● **EXERCISE DIRECTIONS**: Exactly as written, output each of the lines below, with no images.

=== DATA RECORDS ===

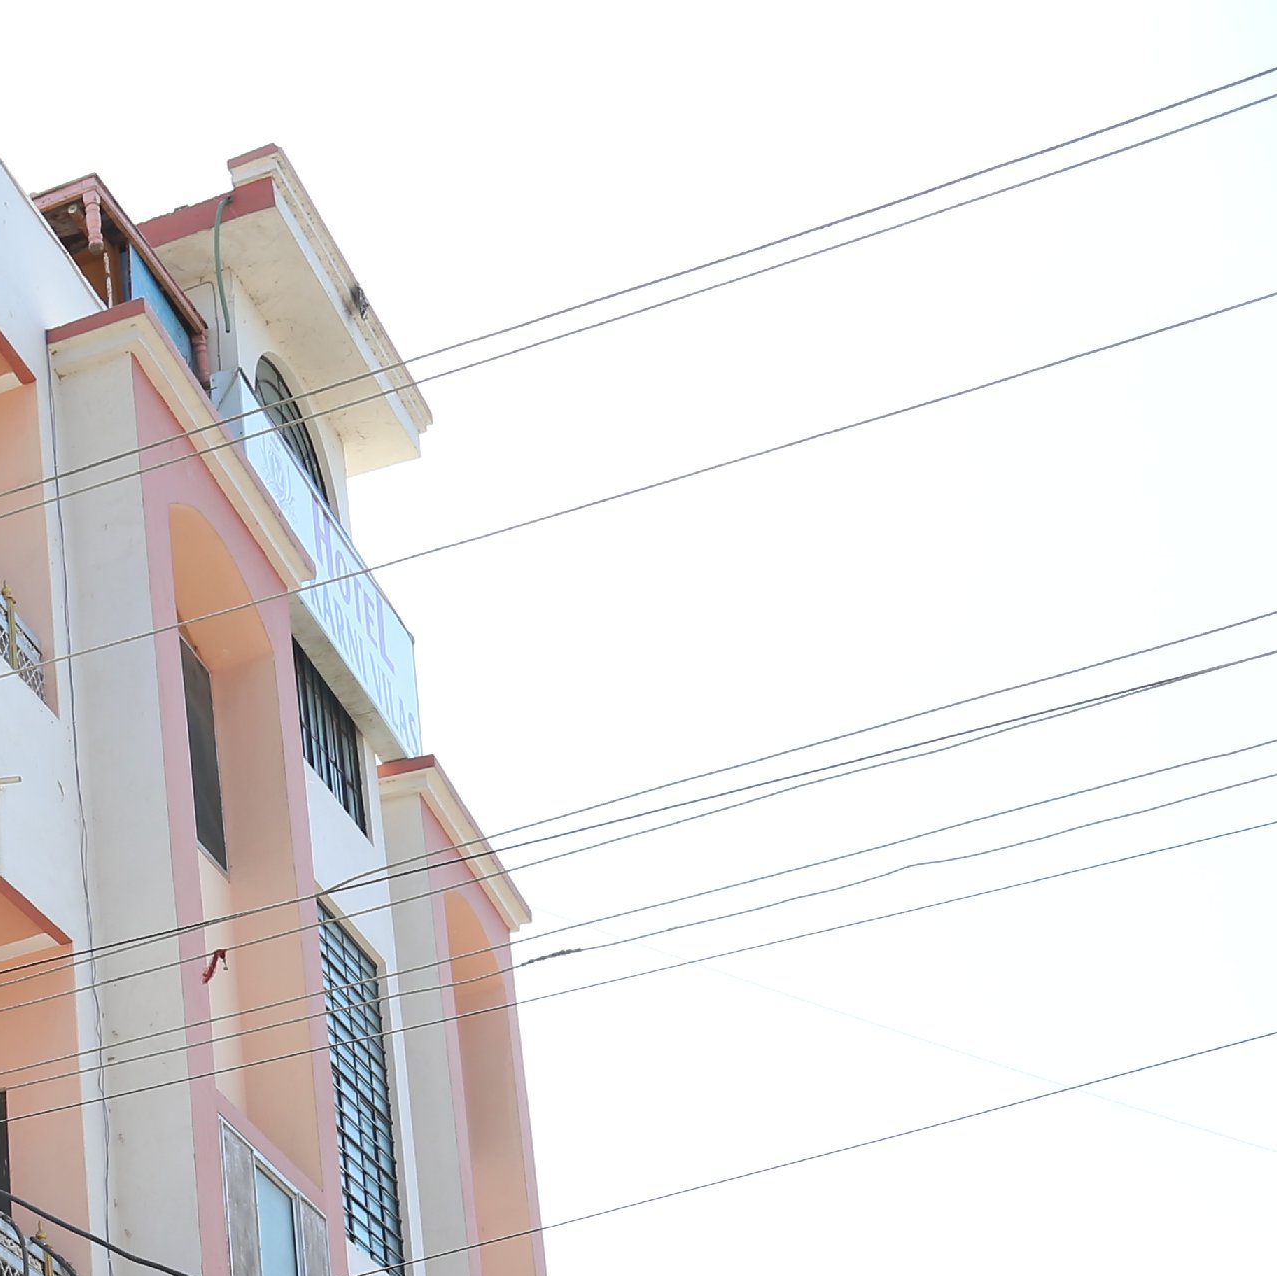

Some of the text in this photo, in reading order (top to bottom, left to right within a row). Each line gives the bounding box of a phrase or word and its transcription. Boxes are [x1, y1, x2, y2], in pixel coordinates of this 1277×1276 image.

[310, 578, 419, 757] KARNI VILAS
[312, 494, 395, 674] HOTEL
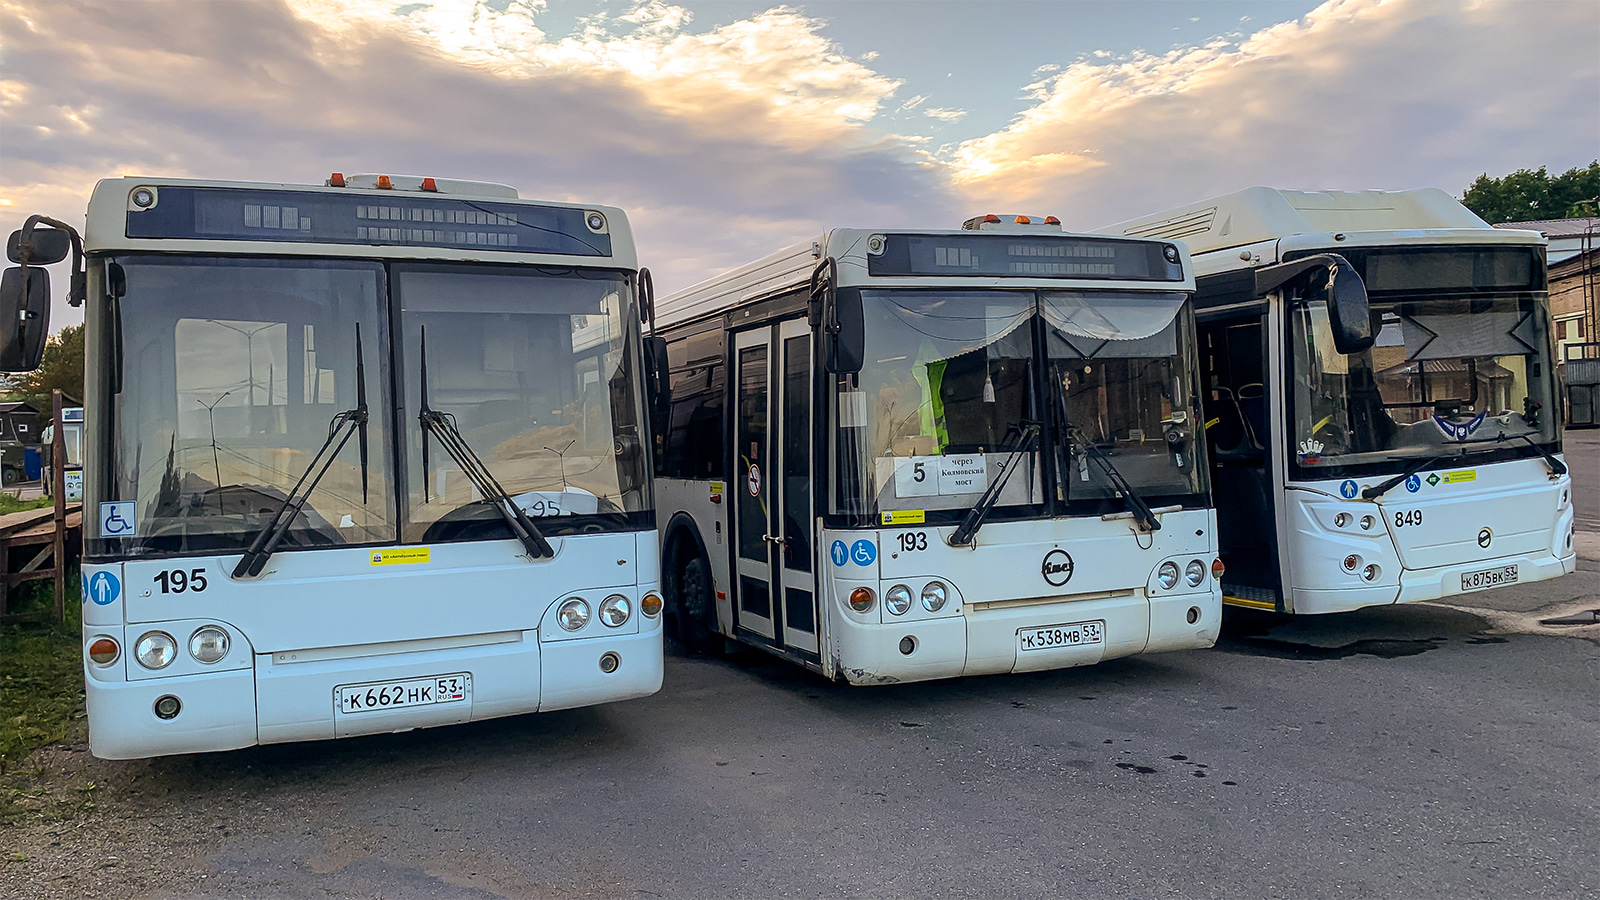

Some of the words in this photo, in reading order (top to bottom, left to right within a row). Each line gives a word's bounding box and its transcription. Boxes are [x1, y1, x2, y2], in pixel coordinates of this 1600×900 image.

[913, 462, 926, 483] 5
[941, 467, 985, 477] Колмовский
[951, 458, 973, 467] через
[1394, 509, 1423, 528] 849
[896, 531, 928, 552] 193
[153, 568, 208, 594] 195
[1505, 566, 1515, 577] 53
[1026, 629, 1080, 648] К538МВ
[1083, 624, 1096, 637] 53
[350, 686, 432, 709] К662НК
[438, 679, 458, 694] 53
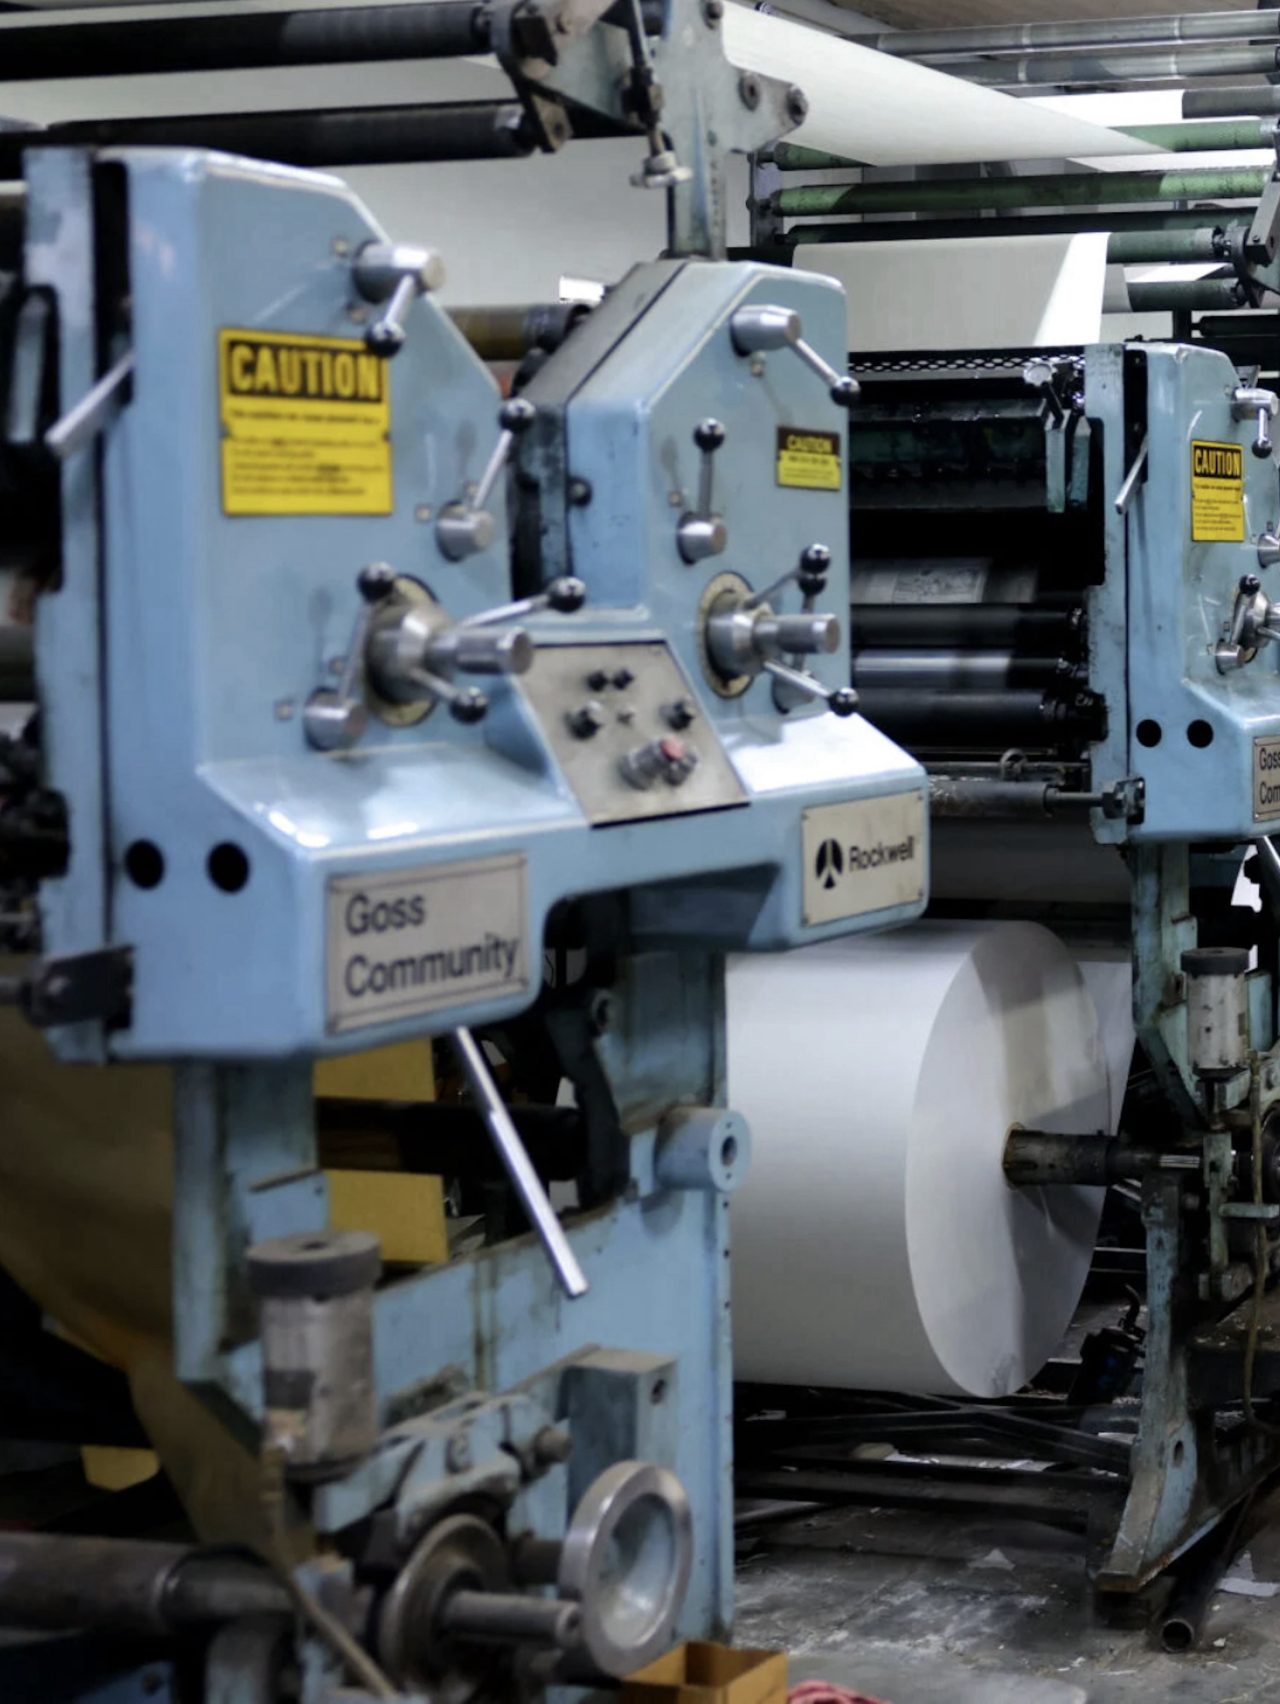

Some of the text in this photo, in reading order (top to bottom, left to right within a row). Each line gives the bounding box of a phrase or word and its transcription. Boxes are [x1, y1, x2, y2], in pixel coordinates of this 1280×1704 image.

===

● **ANSWER SECTION**:
Some of the text in this photo, in reading order (top to bottom, left to right within a row). Each line gives the bounding box of a phrase or word and its transcription. Boxes are [x1, y1, x2, y2], in pixel coordinates of this 1277×1276 image.

[310, 578, 419, 757] KARNI VILAS
[312, 494, 395, 674] HOTEL

Some of the words in this photo, in reading order (top to bottom, left to right within a row). Each line gives a word's bounding box and its transcription. Boxes are [x1, y1, x2, y2], in pixel coordinates of this 1600×900 image.

[913, 462, 926, 483] 5
[941, 467, 985, 477] Колмовский
[951, 458, 973, 467] через
[1394, 509, 1423, 528] 849
[896, 531, 928, 552] 193
[153, 568, 208, 594] 195
[1505, 566, 1515, 577] 53
[1026, 629, 1080, 648] К538МВ
[1083, 624, 1096, 637] 53
[350, 686, 432, 709] К662НК
[438, 679, 458, 694] 53

Some of the text in this photo, in reading order (top to bottom, left to right within a row). Each line gives the bounding box of a phrase or word and its transcription. Boxes are [x1, y1, x2, y2], in pixel coordinates of this 1280×1704 image.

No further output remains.